**What you are asked to do**
Give back the records below verbatim, please, but without a single image.

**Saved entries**
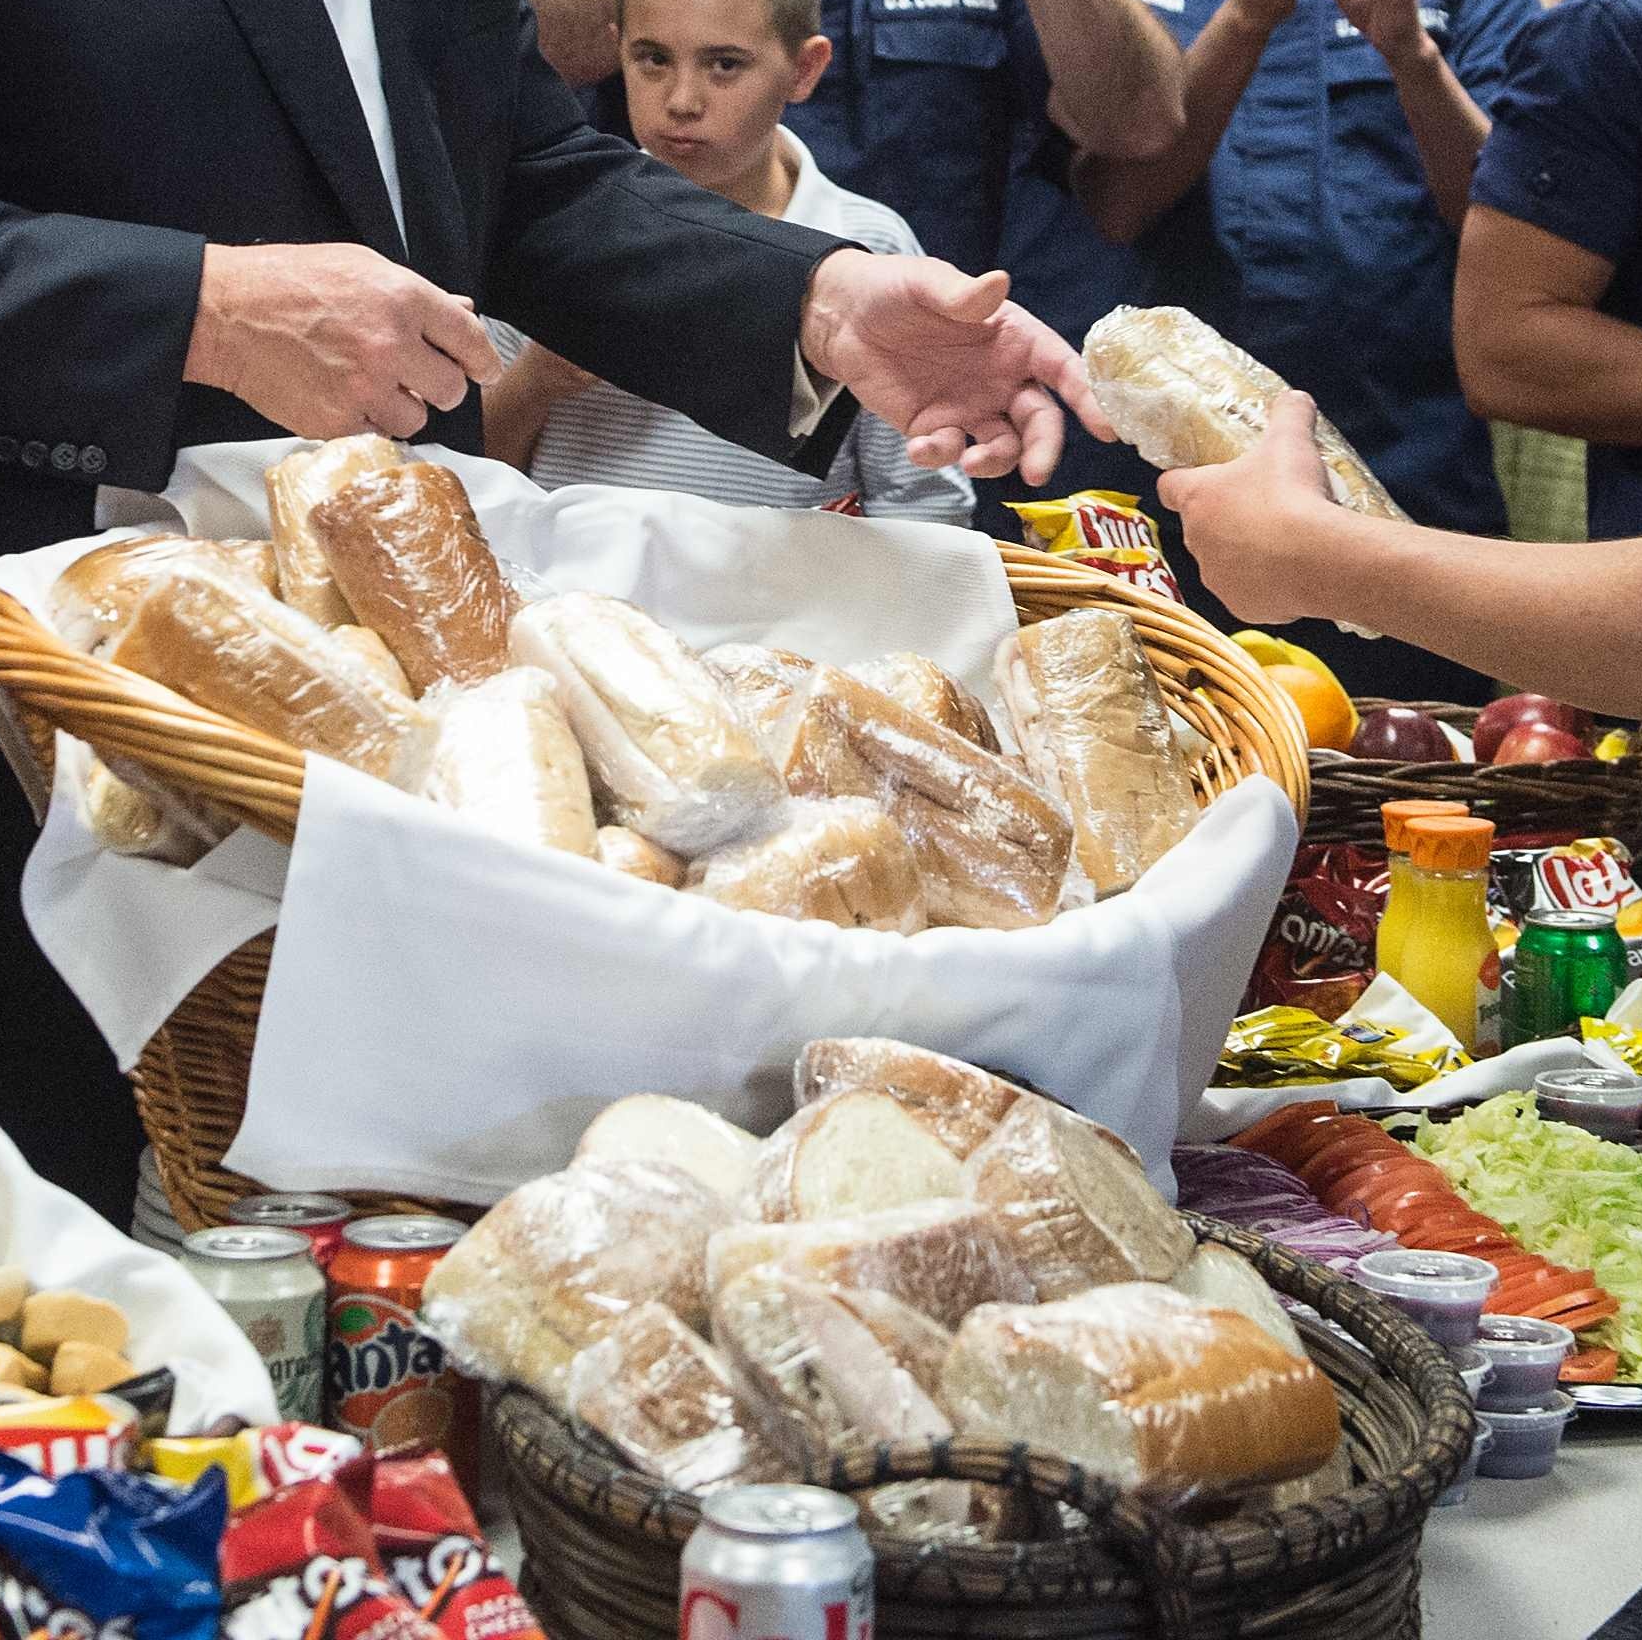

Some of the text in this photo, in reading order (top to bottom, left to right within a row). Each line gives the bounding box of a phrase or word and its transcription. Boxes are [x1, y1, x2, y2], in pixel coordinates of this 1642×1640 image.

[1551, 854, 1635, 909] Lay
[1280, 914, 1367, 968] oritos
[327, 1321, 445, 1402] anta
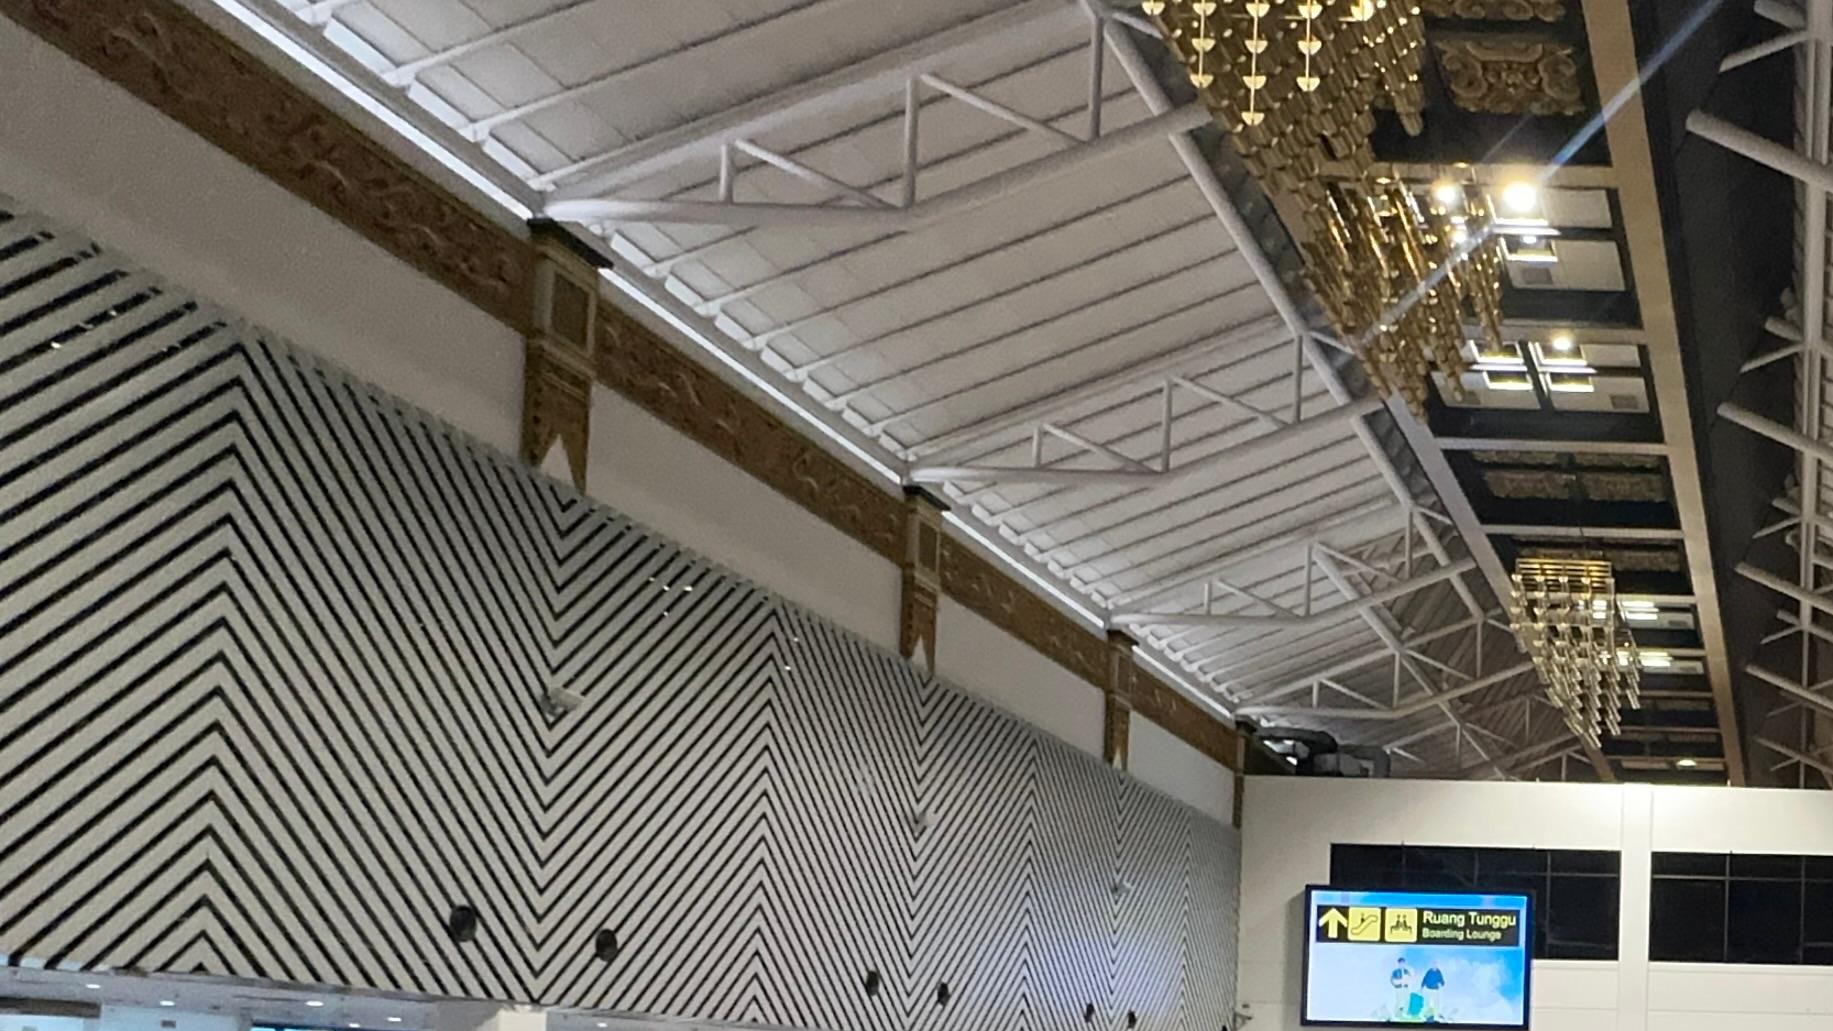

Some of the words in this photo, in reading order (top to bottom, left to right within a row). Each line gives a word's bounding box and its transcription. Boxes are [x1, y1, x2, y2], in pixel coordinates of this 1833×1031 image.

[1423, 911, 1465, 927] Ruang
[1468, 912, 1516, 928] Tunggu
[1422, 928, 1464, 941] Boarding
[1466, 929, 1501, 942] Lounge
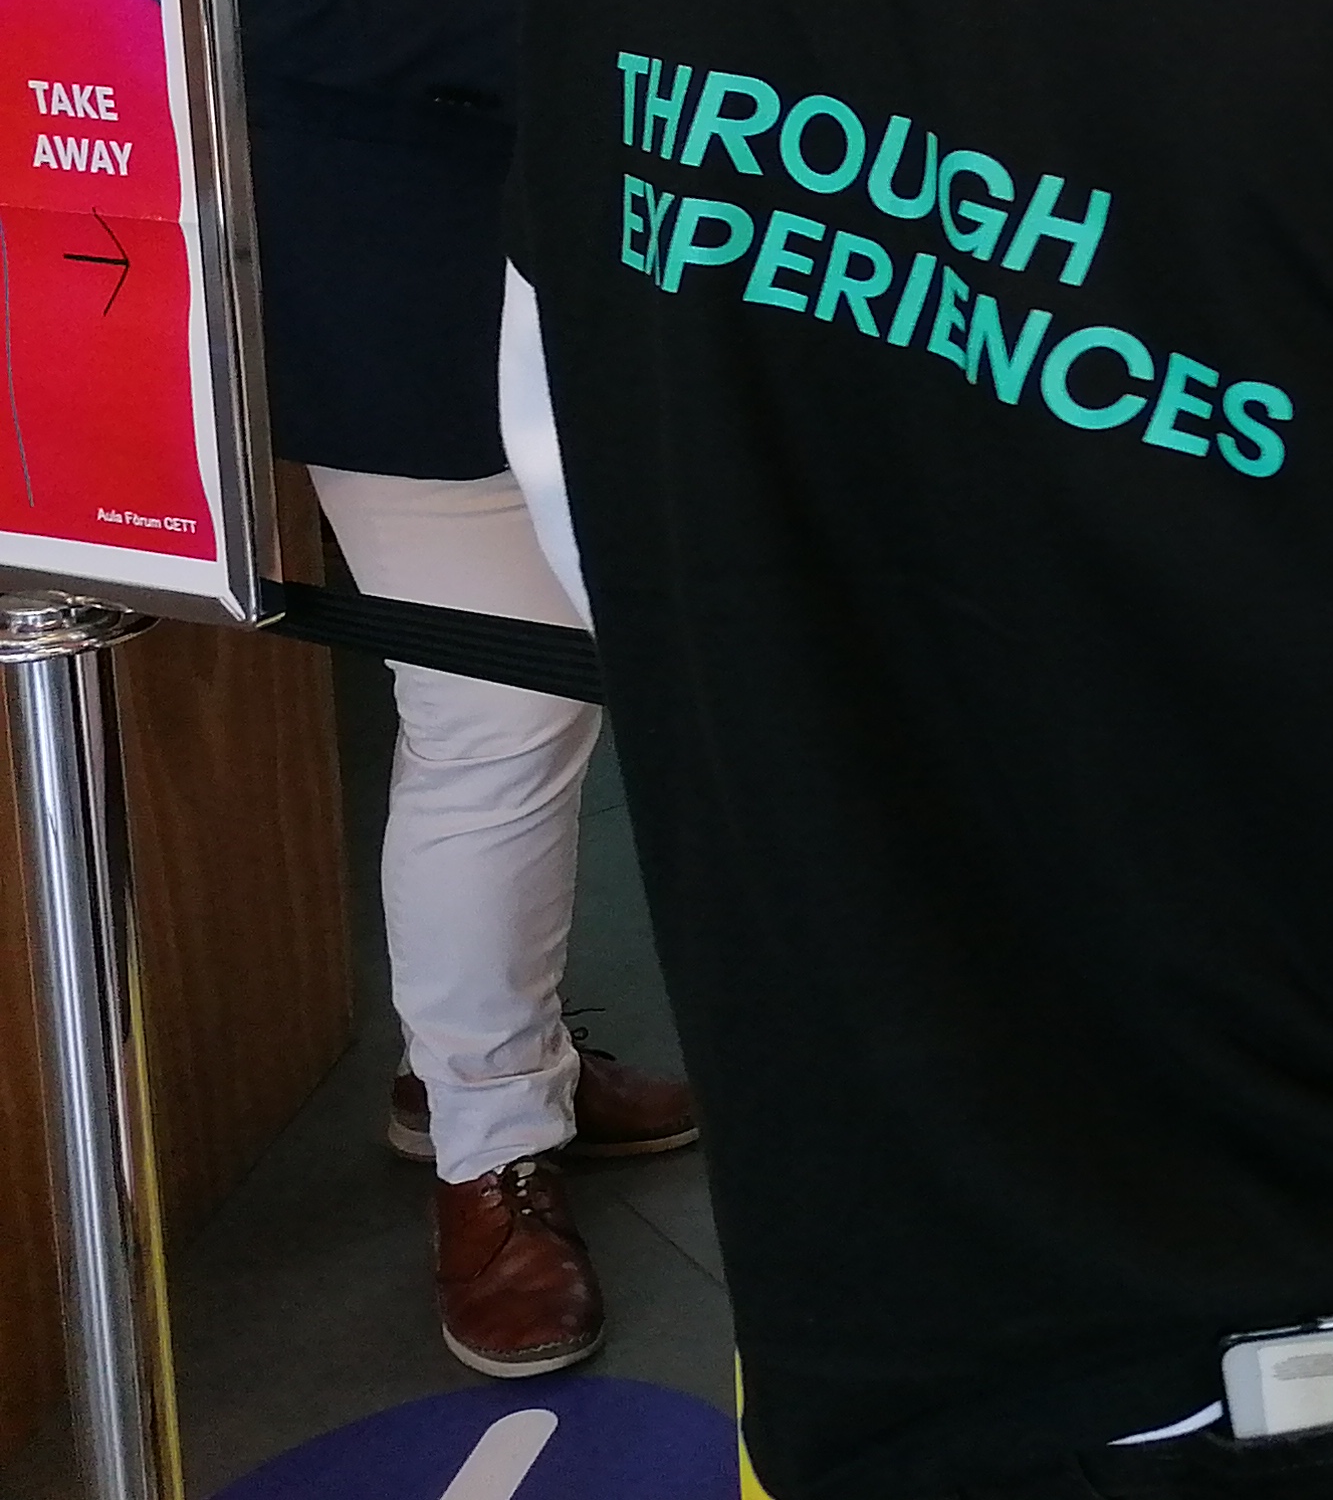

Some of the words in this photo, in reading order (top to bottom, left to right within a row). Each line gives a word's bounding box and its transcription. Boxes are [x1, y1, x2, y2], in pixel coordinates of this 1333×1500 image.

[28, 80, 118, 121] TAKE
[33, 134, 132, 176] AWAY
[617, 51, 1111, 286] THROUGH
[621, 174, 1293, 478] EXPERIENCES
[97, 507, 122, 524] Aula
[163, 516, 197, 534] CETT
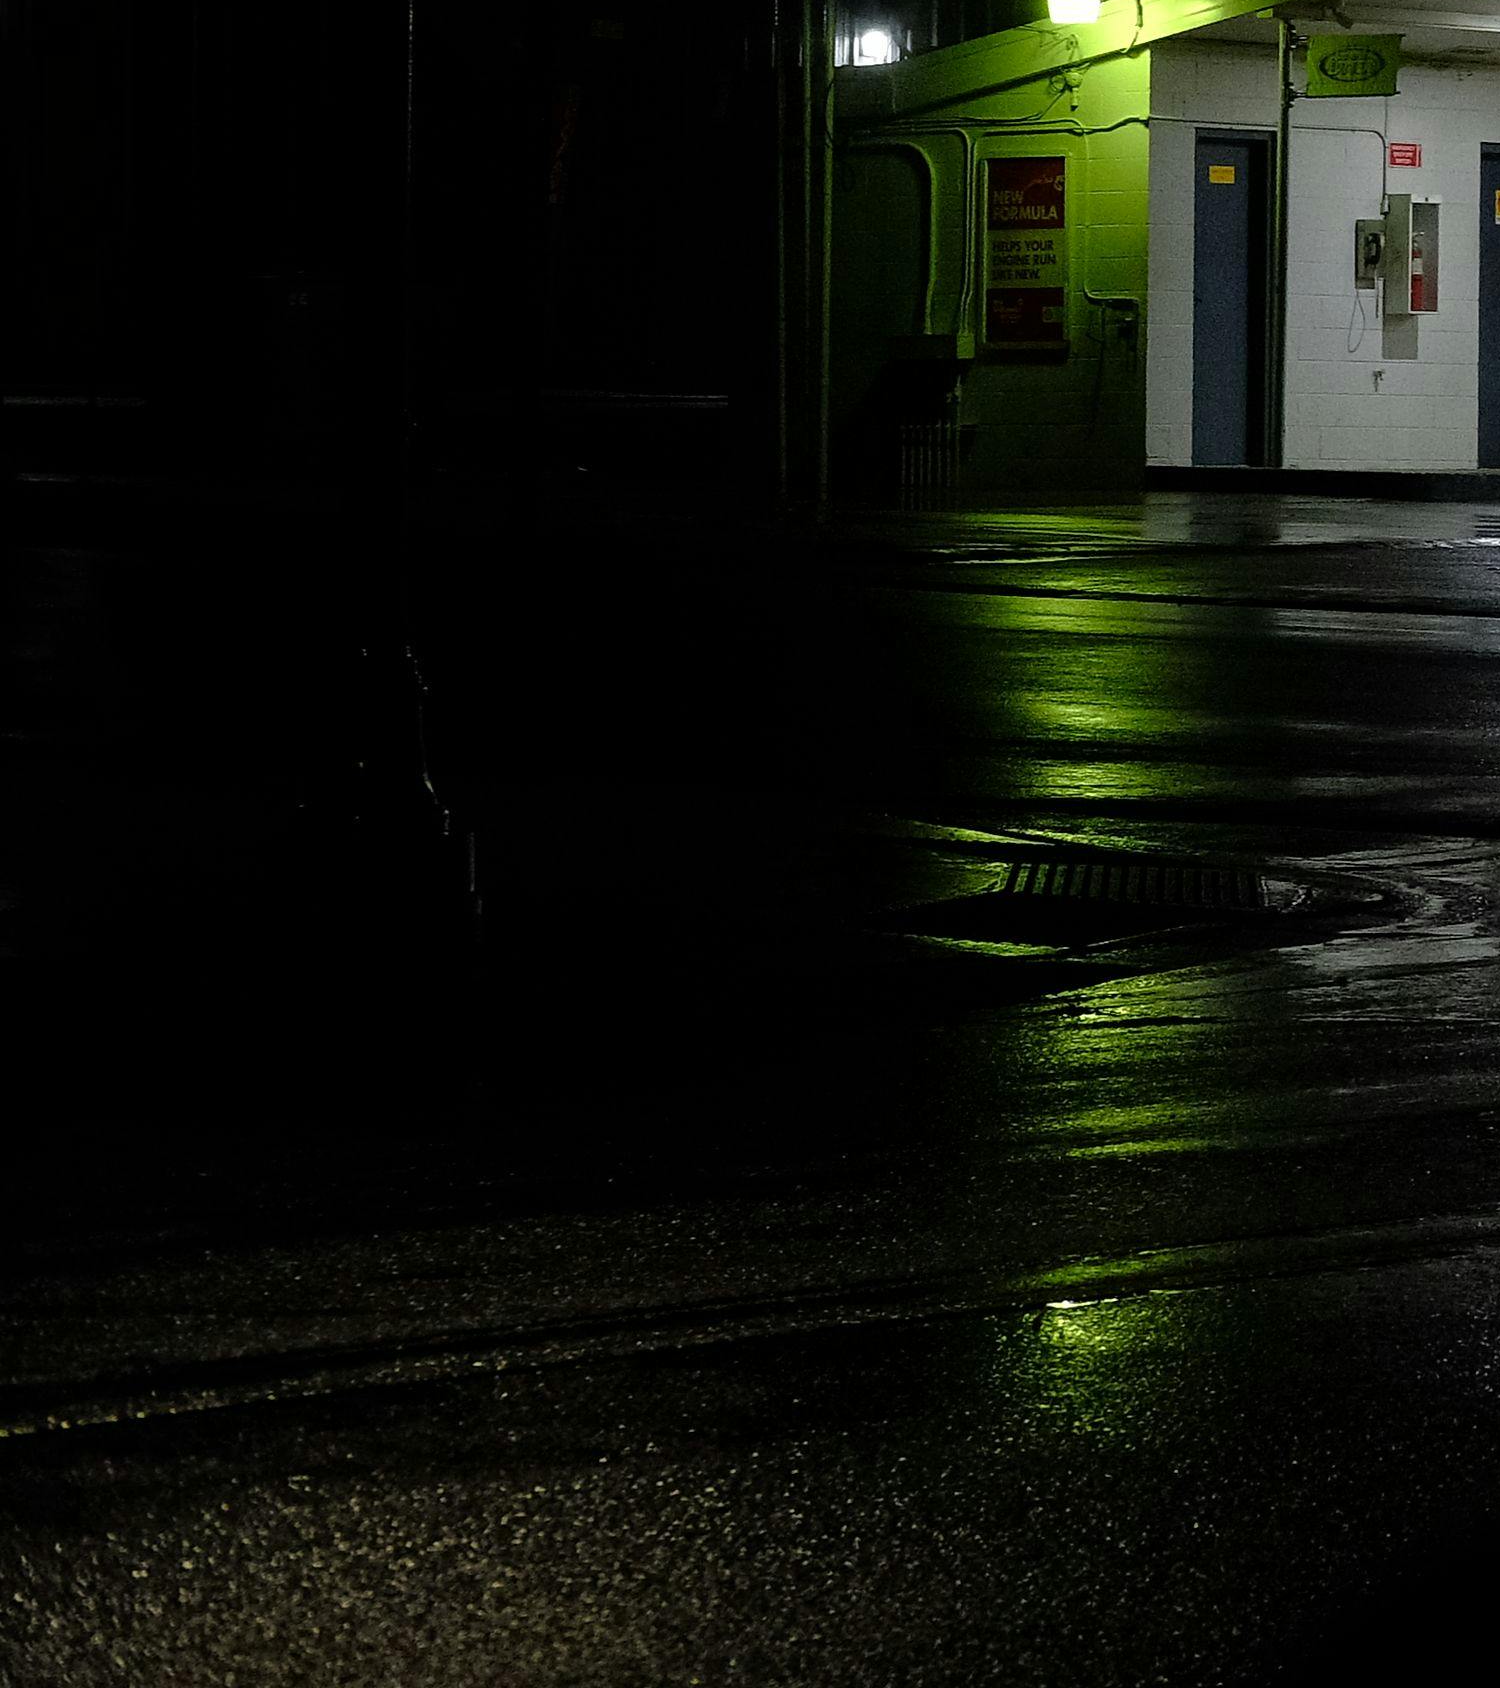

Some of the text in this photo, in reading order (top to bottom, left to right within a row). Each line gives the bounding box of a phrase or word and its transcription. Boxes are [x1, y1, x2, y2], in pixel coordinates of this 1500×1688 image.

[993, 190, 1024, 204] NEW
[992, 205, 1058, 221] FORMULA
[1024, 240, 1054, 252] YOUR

**Exercise response**
Some of the text in this photo, in reading order (top to bottom, left to right within a row). Each line gives the bounding box of a phrase or word and its transcription. Boxes are [x1, y1, x2, y2], in pixel coordinates of this 1642×1640 image.

[1551, 854, 1635, 909] Lay
[1280, 914, 1367, 968] oritos
[327, 1321, 445, 1402] anta

Some of the words in this photo, in reading order (top to bottom, left to right within a row). Each line gives a word's bounding box and its transcription. Boxes are [x1, y1, x2, y2], in pixel coordinates of this 1833×1031 image.

[1423, 911, 1465, 927] Ruang
[1468, 912, 1516, 928] Tunggu
[1422, 928, 1464, 941] Boarding
[1466, 929, 1501, 942] Lounge

Some of the words in this photo, in reading order (top to bottom, left to right within a row). Each line gives a word's bounding box and its transcription. Boxes are [x1, y1, x2, y2], in pixel coordinates of this 1333×1500 image.

[28, 80, 118, 121] TAKE
[33, 134, 132, 176] AWAY
[617, 51, 1111, 286] THROUGH
[621, 174, 1293, 478] EXPERIENCES
[97, 507, 122, 524] Aula
[163, 516, 197, 534] CETT

Some of the text in this photo, in reading order (top to bottom, left to right within a row). Each line gives the bounding box of a phrase or word and its transcription. Boxes are [x1, y1, x2, y2], in pixel coordinates of this 1500×1688 image.

[993, 190, 1024, 204] NEW
[992, 205, 1058, 221] FORMULA
[1024, 240, 1054, 252] YOUR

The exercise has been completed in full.